* Goal of the exercise *
Word-for-word transcription needed. Include every entry below but no pictures.

* Source data *

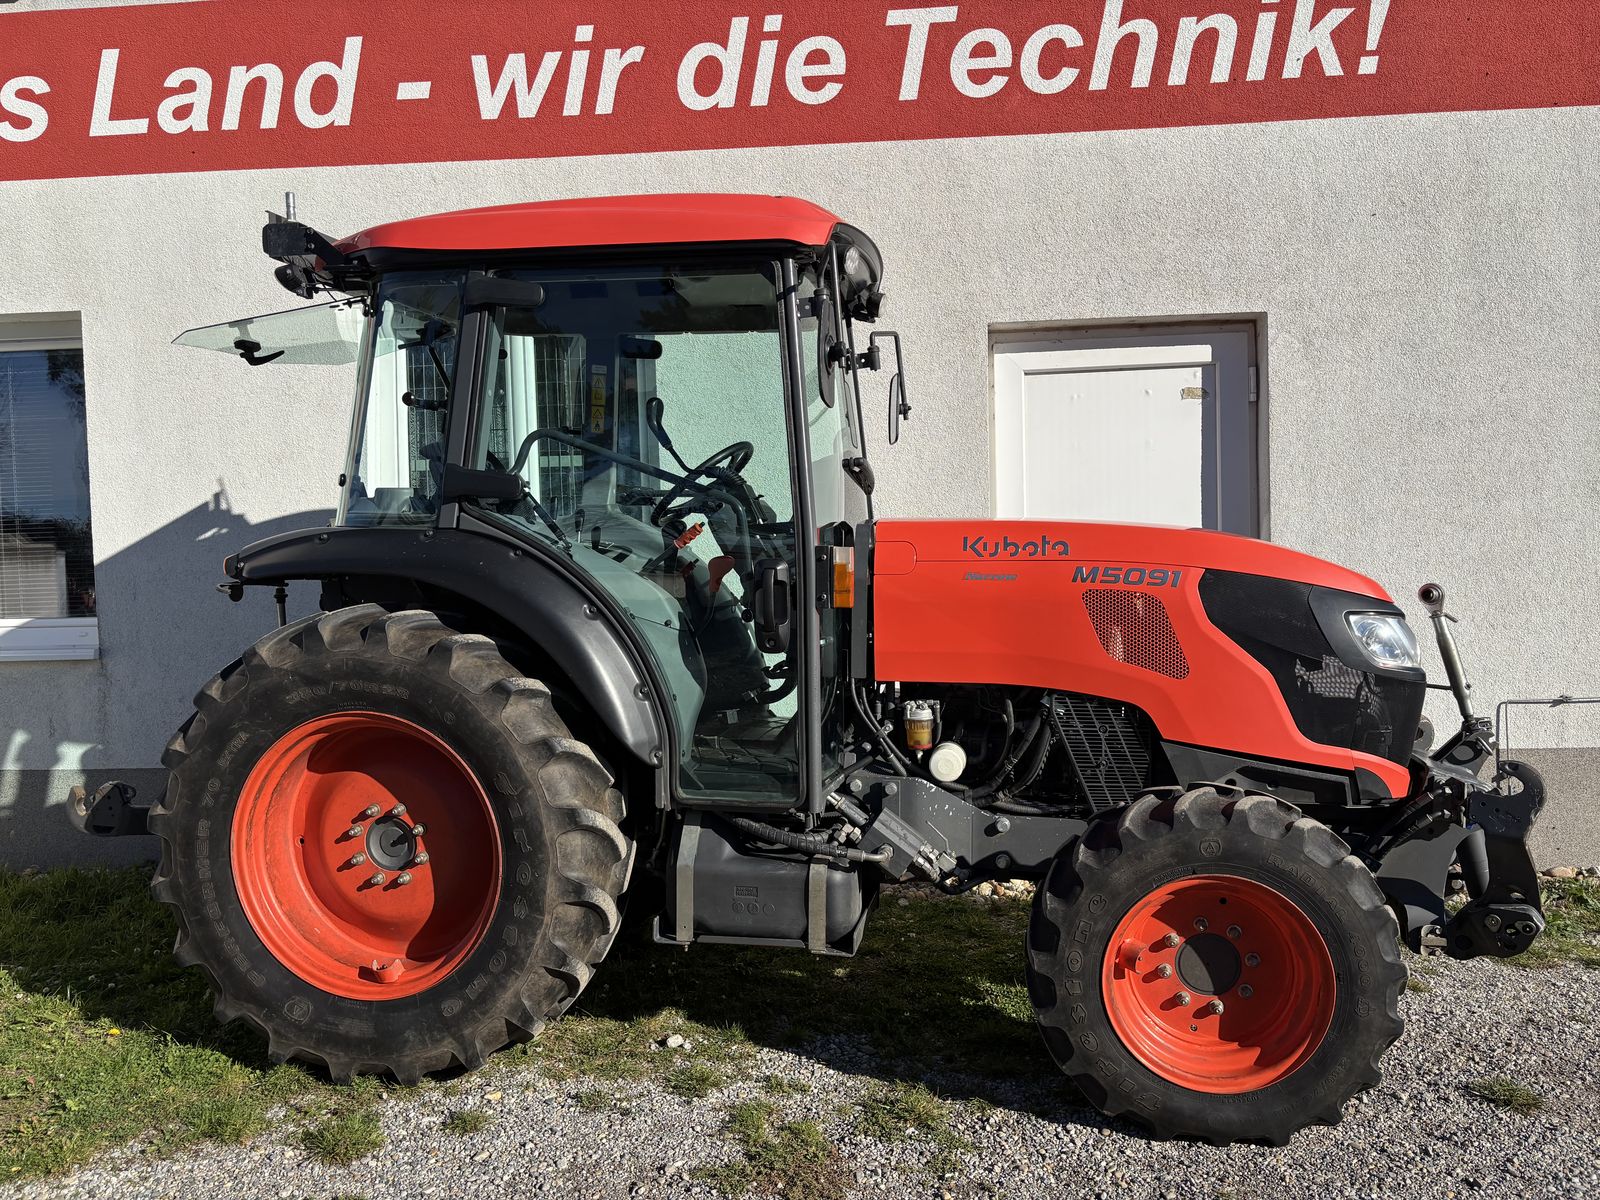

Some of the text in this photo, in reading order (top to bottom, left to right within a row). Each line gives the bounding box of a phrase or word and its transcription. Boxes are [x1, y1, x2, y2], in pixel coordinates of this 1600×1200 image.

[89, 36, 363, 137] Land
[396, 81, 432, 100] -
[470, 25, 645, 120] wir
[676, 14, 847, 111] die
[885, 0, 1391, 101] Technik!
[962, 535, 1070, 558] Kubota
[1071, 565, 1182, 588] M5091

* Your response *
Some of the text in this photo, in reading order (top to bottom, left to right within a row). Each line gives the bounding box of a phrase or word and its transcription. Boxes are [x1, y1, x2, y2], in pixel coordinates of this 1600×1200 image.

[89, 36, 363, 137] Land
[396, 81, 432, 100] -
[470, 25, 645, 120] wir
[676, 14, 847, 111] die
[885, 0, 1391, 101] Technik!
[962, 535, 1070, 558] Kubota
[1071, 565, 1182, 588] M5091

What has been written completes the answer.